I still believe the lack of NVIDIA GPU support in the Mac Pro will go down as one of the greatest missed opportunities in tech.

Anyway, the Mac Pro is dead now. There's only so much sales audio and video professionals can provide.

Aurornis an hour ago | parent | next [-]

> I still believe the lack of NVIDIA GPU support in the Mac Pro will go down as one of the greatest missed opportunities in tech.

I don’t know about that. Apple supported some full size GPUs in past product lines and the number of users was very small. Granted, LLMs change that demand but the audience for Mac Pro buyers who would use a full-size GPU that is impossible to obtain is almost nothing compared to their laptop sales.

bigyabai an hour ago | parent [-]

The audience for Mac Pro buyers is almost nothing, full stop. It failed to find a niche, and now Apple is getting rid of it: https://www.macrumors.com/2026/03/26/apple-discontinues-mac-...

Part of the reason the new Mac Pro failed to find an audience can definitely be blamed on macOS' hostility to third party hardware. Who knows what Apple would be worth if they beat Nvidia's Grace CPU to the datacenter market. It was certainly their opportunity.

brcmthrowaway 20 minutes ago | parent [-]

True, they could do any number of things. But a datacenter play would appear quite random to investors and their core audience.

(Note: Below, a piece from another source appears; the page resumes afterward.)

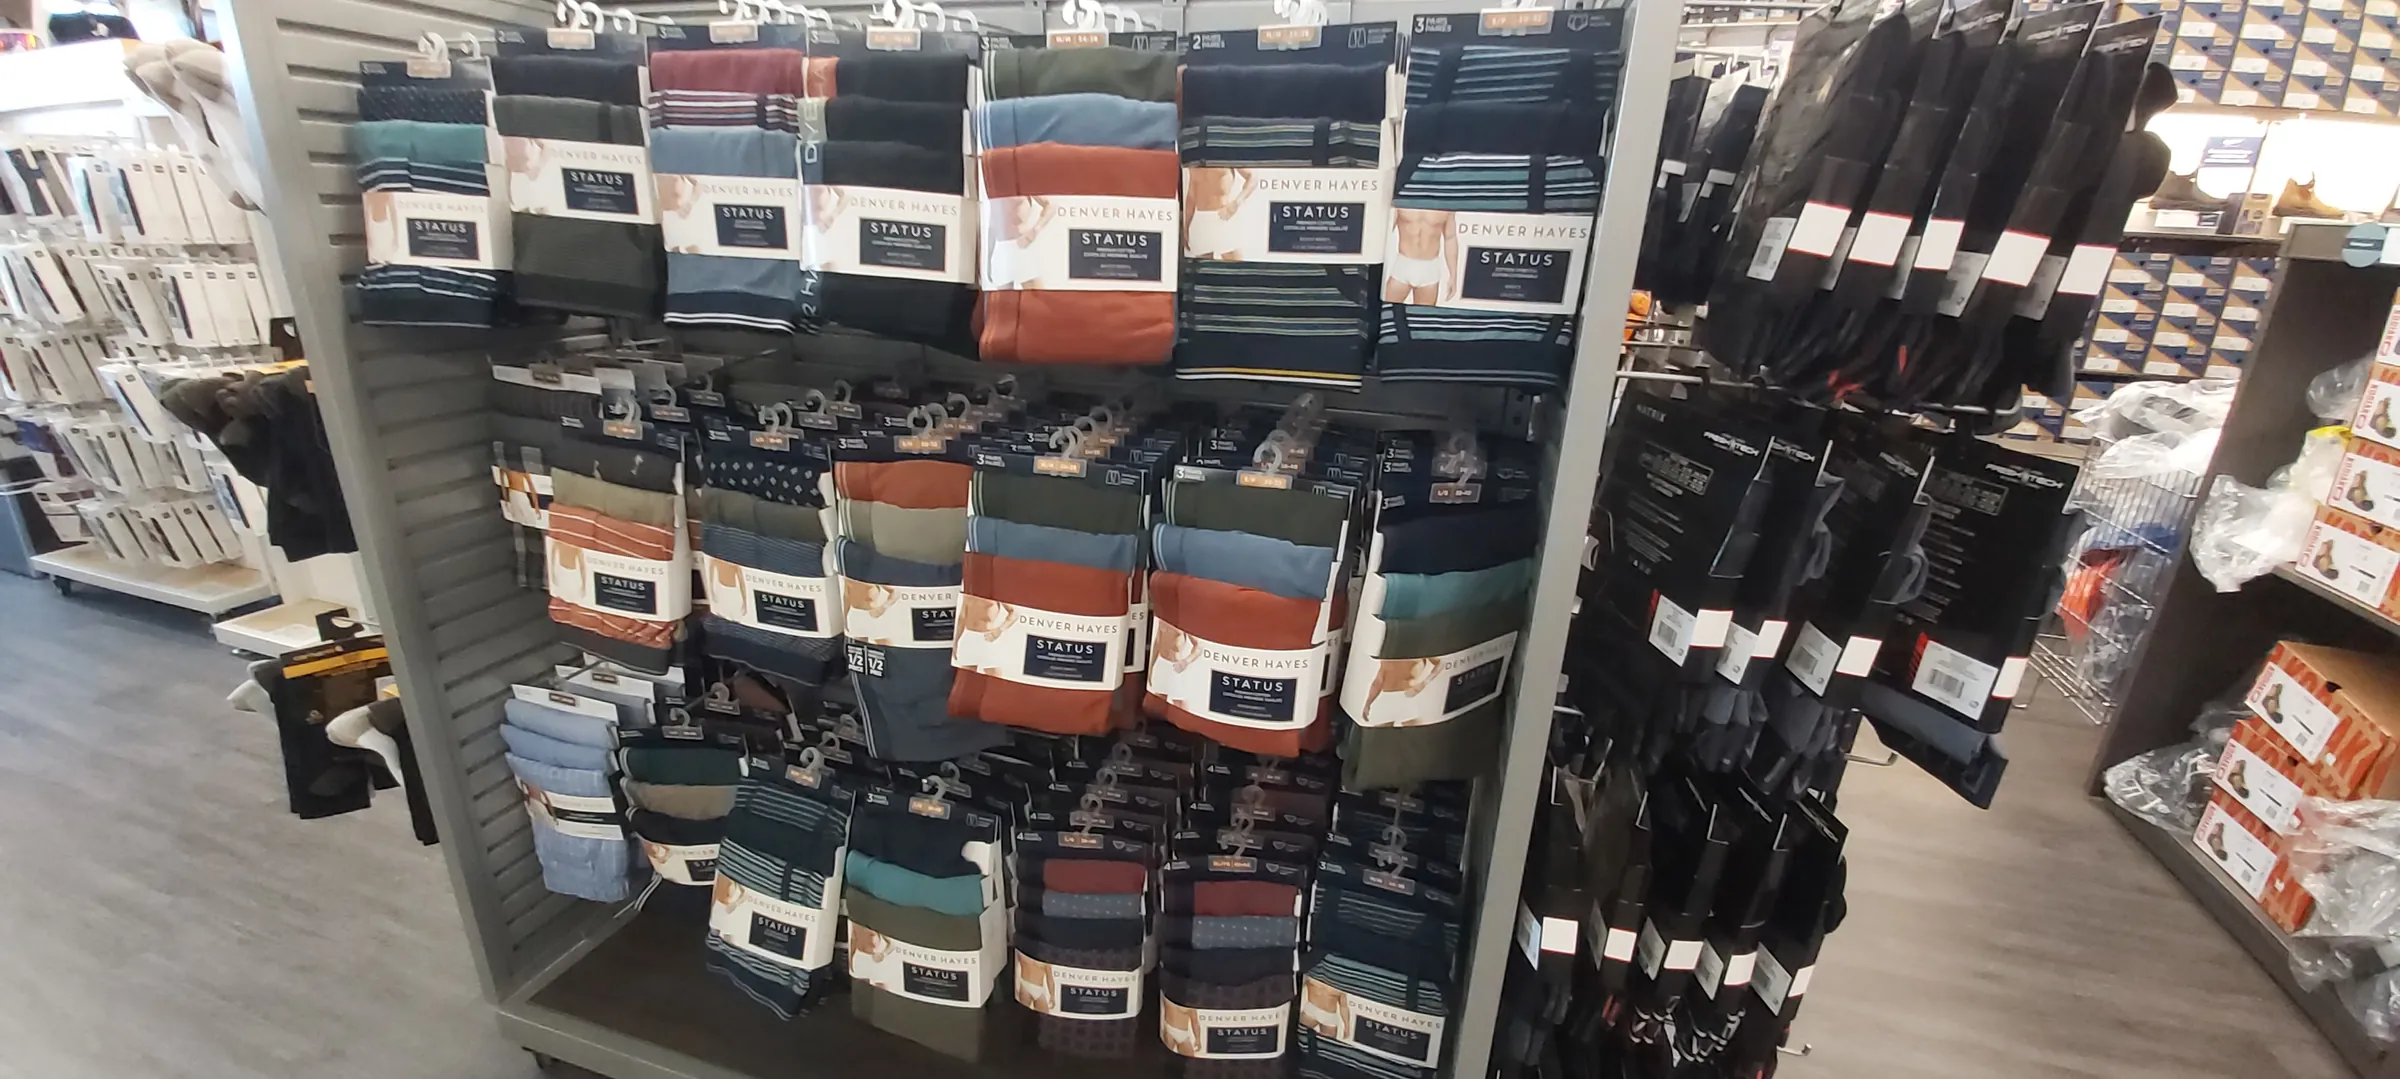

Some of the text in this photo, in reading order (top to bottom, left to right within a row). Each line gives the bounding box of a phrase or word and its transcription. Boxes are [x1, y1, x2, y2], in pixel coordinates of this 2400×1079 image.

Broadcom + Nvidia however...

jbverschoor an hour ago | parent | prev [-]

I guess that little problem with the Nvidia chips overheating in the MacBook Pro didn’t give Apple a lot of confidence

bigyabai 38 minutes ago | parent [-]

The Mac Pro isn't a Macbook Pro. It has socketed PCI slots and should be able to support the user's hardware in macOS' software, regardless of how Apple feels.